The primary studies presented in this review had a range of limitations that need to be considered. The majority of the studies recruited homogenous samples in that participants were mostly White, well-educated and married. In addition, a number of the studies acknowledged the small samples sizes recruited and in some cases the low initial response rates for recruitment into the studies. Although reported response rates varied, the majority of studies reported little about non-responders. Given that more distressed individuals would be less likely to respond, then the prevalence of FCR may be underestimated in these studies. Additionally, FCR was assessed using a variety of measures, making it difficult to compare across studies. Some measures relied on a single item, which could be considered less reliable and more likely to increase the error variance in the sample. Furthermore, the measures used were not appropriate to determine if the observed levels of FCR were of clinical significance. The acquisition of such information would be useful to inform the development of interventions aimed at reducing FCR.
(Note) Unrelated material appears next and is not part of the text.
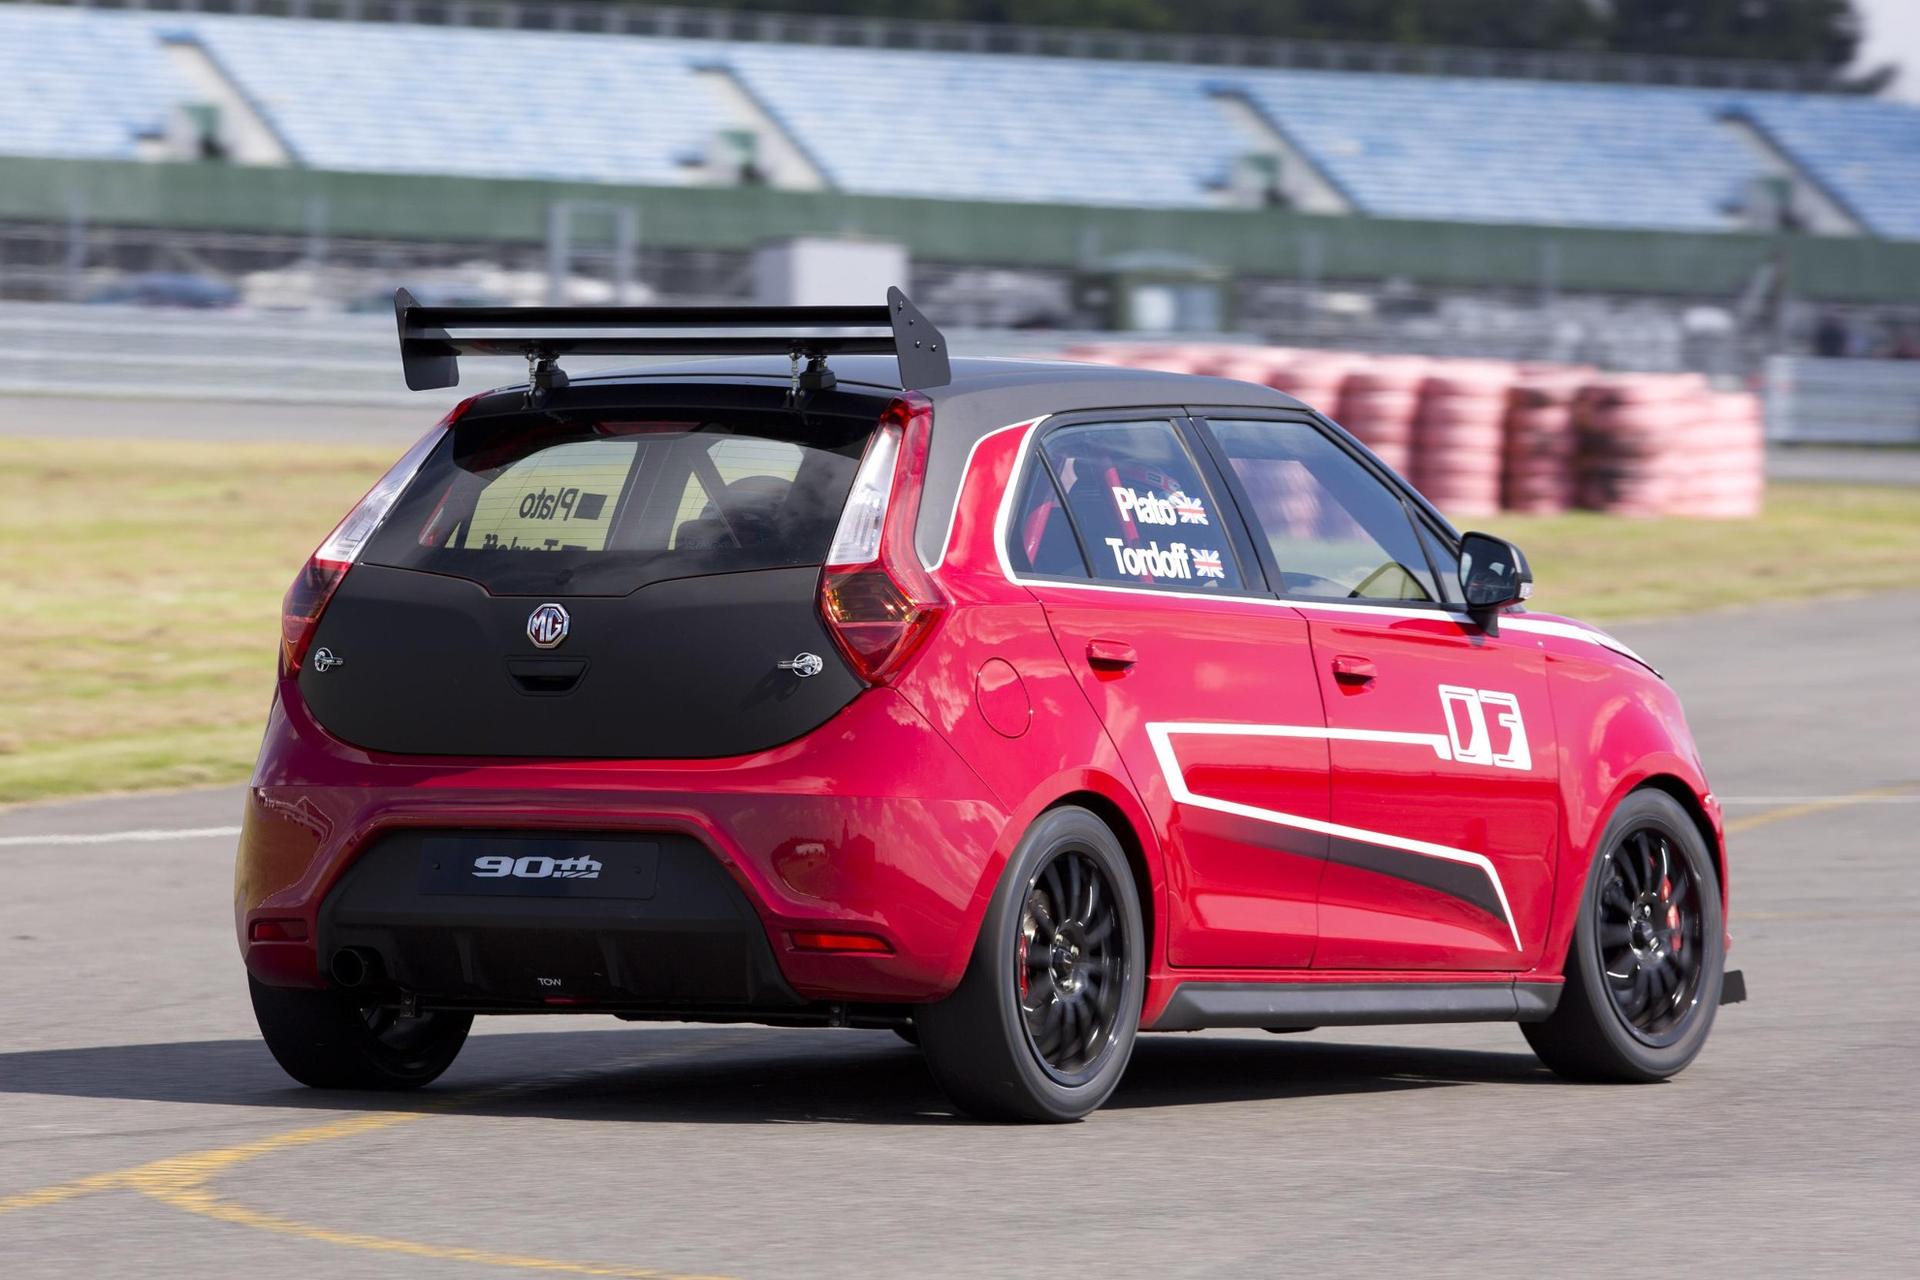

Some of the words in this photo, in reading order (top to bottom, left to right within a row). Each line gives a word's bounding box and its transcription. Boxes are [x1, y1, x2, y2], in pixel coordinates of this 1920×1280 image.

The designs of the studies reported in this review varied. Cross-sectional studies do not allow for changes in FCR over time to be observed and may be prone to recall bias on some of the measures used. Eleven studies utilised longitudinal designs, and although the attrition rates across time points were generally low, these designs incorporated relatively short follow-up periods. This would limit the assessment of the stability of the FCR profile over the survivorship trajectory. Furthermore, the designs utilised did not allow for the assessment of pre-treatment levels of distress or the identification of factors associated with the development of FCR. Such information would help the targeting and timing of interventions to reduce FCR among cancer survivors.

The review demonstrates that FCR is a common response to a cancer diagnosis and the associated treatments. The current literature in this field does not allow one to determine the factors contributing to the development of FCR or to determine the stability of FCR over the survivorship trajectory. Further research is necessary to identify the key predictors of FCR among cancer survivors to identify at-risk groups and key factors to be targeted in an intervention. This review highlights the importance of managing the physical and emotional consequences of cancer; however, further research is necessary to target interventions and to determine the timing of such interventions to reduce FCR among cancer survivors and support patients at risk of FCR 31. This review provides a first step towards meeting this aim.